The gut-brain-pancreas axis is a coordinated hormonal network: nutrient ingestion triggers L-cell secretion of GLP-1 and PYY, which potentiate glucose-stimulated insulin secretion (the incretin effect) while suppressing glucagon and slowing gastric emptying. Simultaneously, gastric X/A-like cells secrete ghrelin to stimulate appetite, while adipose tissue releases leptin to signal long-term energy stores. These hormones do not act independently — their ratios, temporal dynamics, and coordinated responses to physiological challenges carry more biological information than any single hormone concentration.

Key Metabolic Hormones — Biological Roles and Research Relevance

  • Insulin: Pancreatic β-cell hormone; the primary anabolic signal. Fasting levels reflect insulin sensitivity; postprandial or glucose-stimulated levels reflect β-cell function. Must be interpreted together with glucagon (insulin:glucagon ratio) and C-peptide (distinguishes endogenous from exogenous insulin).
  • Glucagon: Pancreatic α-cell hormone; counter-regulatory to insulin — stimulates hepatic glucose output. Dysregulated in type 2 diabetes (failure of glucose-induced glucagon suppression). Requires protease inhibitor-stabilized collection due to rapid ex vivo degradation.
  • GLP-1 (Active & Total): L-cell incretin hormone; potentiates insulin secretion, suppresses glucagon, delays gastric emptying. Active form (7-36 amide) engages the GLP-1R; total assay captures both active and DPP-IV-cleaved inactive forms. Central to incretin biology, DPP-IV inhibitor pharmacology, and GLP-1R agonist development.

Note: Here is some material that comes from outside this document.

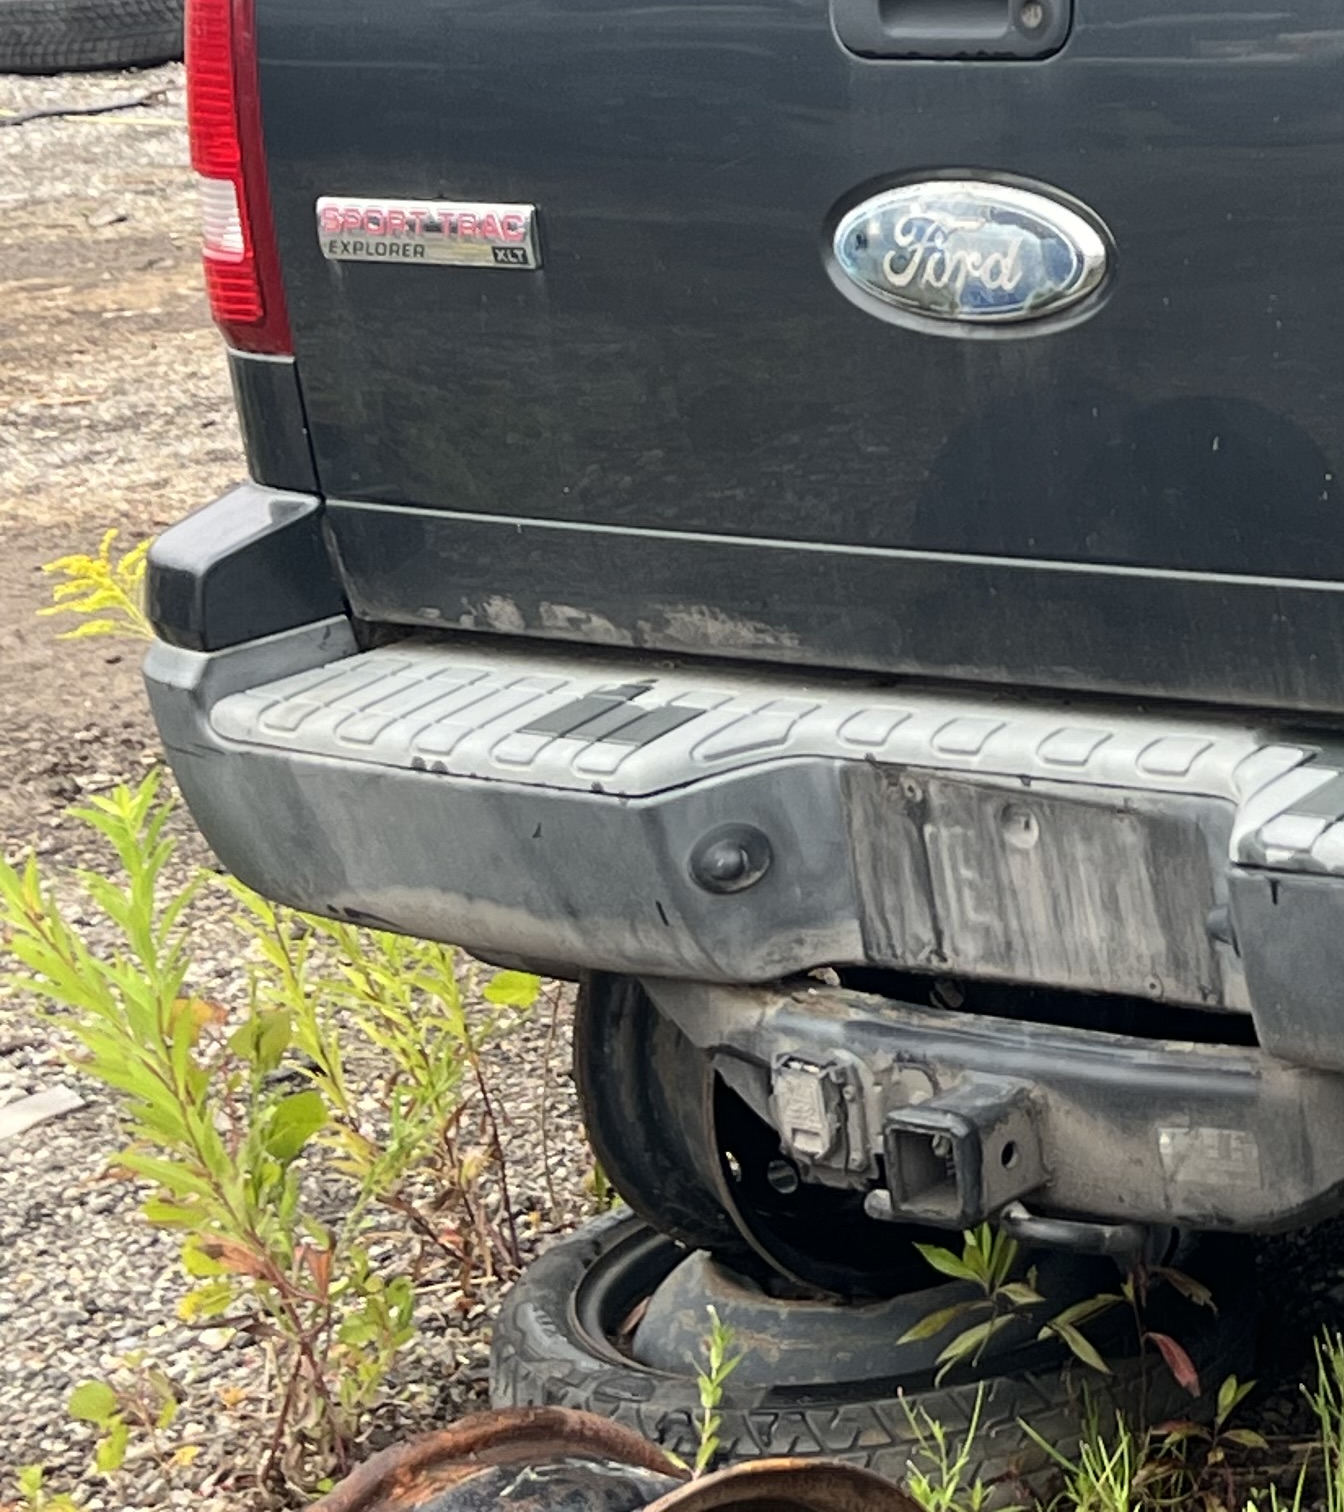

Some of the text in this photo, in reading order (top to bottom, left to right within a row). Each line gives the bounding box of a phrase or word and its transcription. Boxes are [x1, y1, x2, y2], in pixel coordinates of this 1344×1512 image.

[320, 204, 526, 243] SPORT TRAC
[328, 240, 526, 263] EXPLORER XLT
[882, 210, 1024, 291] Ford

  • GIP (Active & Total): K-cell incretin hormone; insulinotropic effects dependent on metabolic state. The second major incretin alongside GLP-1. GIPR agonists in active development for obesity and diabetes.
  • C-Peptide: Cleaved from proinsulin during insulin maturation; secreted in equimolar amounts with endogenous insulin but not present in exogenous insulin preparations. Essential for distinguishing endogenous insulin secretion from administered insulin in research participants receiving insulin therapy.
  • Leptin: Adipocyte hormone; signals long-term energy stores to the hypothalamus. Leptin resistance is a hallmark of obesity. Concentrations span three orders of magnitude from lean to obese — requiring wide dynamic range.
  • PYY (Total): L-cell hormone co-secreted with GLP-1; suppresses appetite via hypothalamic Y2 receptors. Dramatically elevated after bariatric surgery and implicated in surgically induced weight loss.
  • Ghrelin (Active & Total): Gastric X/A-like cell hormone; the only known orexigenic gut peptide. Active ghrelin requires octanoylation at Ser3 for GHS-R1a receptor activation. Total ghrelin captures both acylated and des-acyl forms.
  • Pancreatic Polypeptide (PP): PP-cell hormone; regulates pancreatic exocrine secretion and gastric motility. Surrogate marker of vagal tone. Elevated in pancreatic neuroendocrine tumors (research context).